We think of Sherlock Holmes as a man of facts, a man of logic, and a man of science. Yet he was also a man with an opinion.
"I simply wish to hear your real, real opinion," Mrs. St. Clair told Holmes in "The Man With The Twisted Lip." Many a client sought his opinion, his guidance . . . it wasn't that they expected an absolute solution to their problems from him, often just an opinion of their circumstances that they could use to carry on with their lives. Holmes's opinions had value.

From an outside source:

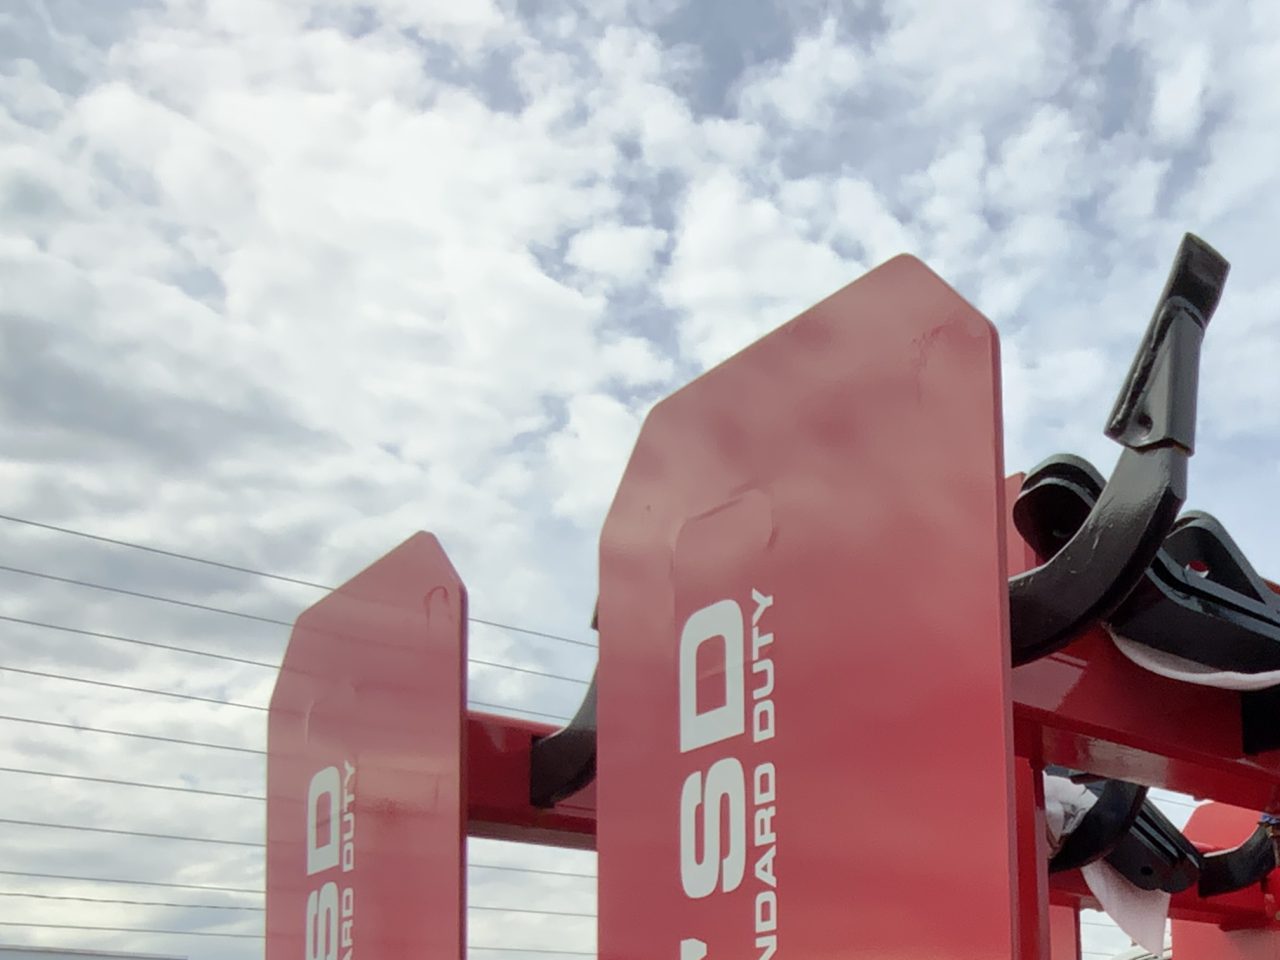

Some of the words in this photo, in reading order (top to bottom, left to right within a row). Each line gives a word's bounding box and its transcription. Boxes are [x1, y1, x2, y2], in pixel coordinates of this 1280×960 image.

[752, 588, 775, 743] DUTY
[343, 760, 356, 873] DUTY
[679, 599, 746, 899] SD

Sherlock Holmes's opinion was that of the specialist, taking in the current data, running it by his years of study and carefully developed techniques, and coming up with is best diagnosis of what was occurring that troubled his client. The medical model that his unique profession was based on is fairly clear and much cited in Sherlockiana past.
Sherlock Holmes was no cookie-cutter solver of MURRR-DURRRRs. In many cases, Sherlock Holmes was a sort of "life doctor." Something weird got your life off course? Weird request from your employer? (So many weird employers in the Canon.) Go to Sherlock Holmes for his professional opinion.
Professional, because it had value. And you had to seek it out.
We've had the saying "Opinions are like [insert body part here], everybody has one" for a very, very long time. But what we didn't have until relatively recently was a constant, free-flowing tsunami of opinions, incited, amplified, and generally super-charged by a legion whose job or hobby it is to supply stimulation to the greatest number of people they can attract to their ongoing flow of opinion, reaction, or opinion-reference. Controversies flare and recede simply to supply opinion fodder. Why?
Well, the simple answer is that we are a world of faulty Sherlock Holmeses.
"My mind," he said, "rebels at stagnation. Give me problems, give me work, give me the most abstruse cryptogram, or the most intricate analysis, and I am in my own proper atmosphere. I can dispense then with artificial stimulants. But I abhor the dull routine of existence. I crave for mental exaltation. That is why I have chosen my own particular profession, or rather created it, for I am the only one in the world."
"I am the last and highest court of appeal in detection. When Gregson, or Lestrade, or Athelney Jones are out of their depths - which, by the way, is their normal state - the matter is laid before me. I examine the data, as an expert, and pronounce a specialist's opinion."
Ah, those silly Gregsons! Out there in the world, running around out of their depths. How good it is to be Sherlock Holmes, setting them straight.
Although we are not the only one in the world, and our sitting room is not 221B Baker Street . . . more like just the steps in front of the building, where we hope Gregson, or any client, really, will happen to wander along the sidewalk in front of us while we're talking about the case he is interested in.
"I am the only one in the world," Sherlock Holmes said, and indeed he was. For good reason.
So here's to Sherlock Holmes and those truly like him, and hoping their voices don't get lost in the din.
(This said as a card-carrying member of the din. Irony, it always gets you in the end.)